Here, Seberg plays – you guessed it – a young American girl living in France for a short spell. This girl, her name’s Ann, she’s got an uncle who’s a doctor, who’s called to help a woman named Michele (Micheline Presle), a fashion designer, who just tried to commit suicide. Ann has few commitments, and is rather enamored of the fashion world, so she agrees to help look after Michele, and the two become fast friends. Through her, she meets Michele’s onetime beau, whose lack of affections may have driven Michele past the breaking point, and, well, one thing leads to another.
Much of the film is told in a classically dramatic style, and there’s as many reasons not to lump it in with the New Wave, but I was particularly taken with the way it handles voiceover, which occasionally intrudes on the action as characters recall comments others have made – some of which we’ve heard before, some of which we haven’t – that fills out the story in a decidedly non-classical way. It’s also, as noted, just a very good movie overall, and those are always worth calling out, and it has a great sequence of Jean Seberg dancing, more joyful and uninhibited than I’ve ever seen her onscreen, which is a whole lot of fun.
Les petits matins (Jacqueline Audry, 1962)
We’re just barely starting to get introduced to Audry, who as far as I know was the only woman working in the French studio system before the New Wave hit, and even then, this is by my count one of maybe seven French films directed by a woman during the prime 1958-1967 New Wave years, all of which is too bad.
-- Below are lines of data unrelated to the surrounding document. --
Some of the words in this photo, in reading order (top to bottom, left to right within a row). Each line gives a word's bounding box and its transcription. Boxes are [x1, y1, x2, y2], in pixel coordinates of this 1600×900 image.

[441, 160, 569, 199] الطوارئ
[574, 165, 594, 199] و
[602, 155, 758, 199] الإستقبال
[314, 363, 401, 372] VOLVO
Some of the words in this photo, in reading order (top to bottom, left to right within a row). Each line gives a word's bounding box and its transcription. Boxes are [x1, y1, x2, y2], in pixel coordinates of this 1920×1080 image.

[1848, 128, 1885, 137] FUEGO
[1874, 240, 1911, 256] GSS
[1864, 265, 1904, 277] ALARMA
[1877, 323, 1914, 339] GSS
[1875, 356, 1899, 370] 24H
The three Audry films I’ve seen – this, No Exit, and Olivia, which got a splashy new release a couple years ago – are all really distinct and exciting works, though perhaps largely due to my own preferences for the era, Les petits matins (which poetically translates to “Early mornings,” much preferable than the American title “Hitch-Hike”) is my favorite so far.
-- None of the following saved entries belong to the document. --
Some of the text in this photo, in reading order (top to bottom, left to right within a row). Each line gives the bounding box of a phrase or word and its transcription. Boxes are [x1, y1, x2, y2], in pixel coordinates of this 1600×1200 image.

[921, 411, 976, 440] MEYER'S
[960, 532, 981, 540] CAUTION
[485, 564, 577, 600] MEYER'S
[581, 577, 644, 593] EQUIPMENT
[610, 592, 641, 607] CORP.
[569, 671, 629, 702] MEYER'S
Agathe Aëms, in remarkably her sole acting role of any size, plays a young woman also named Agathe, who we meet on a very rainy Belgian beach, whereupon she suddenly decides to travel to the south of France, where at least they have sun. We know almost nothing of her background or her plans beyond this trip, if in fact she has either. She’s eighteen and she wants to go to the beach; what else do you need to know, really. And that’s the film. She climbs into (almost) any car that will have her and spends several days fending off the attention of men of various ages who all want the same thing from her, and which she’s loath to give any of them. Still, Audry – working from a script from frequent collaborator Pierre Laroche and newcomers Stella Kersová and Pierre Pelegri – and Aëms treat each suitor with a scowl and a shrug, suggesting nothing uncommon about the experience, even if each is decidedly unwelcome.
The location photography is frequently gorgeous, Aëms has a great unpracticed quality that brings the right degree of amateurishness to the stacked cast (among many, she runs into such luminaries of French film as Arletty, Pierre Brasseur, Lino Ventura, and Bernard Blier), and there’s a very fine note of subtext on the way Audry ends the film between Aëms and New Wave star Jean-Claude Brially that suggests a forward-looking quality, uncommon to filmmakers of Audry’s age during the New Wave, but consistent with the kind of trailblazing she so regularly engaged with prior to this.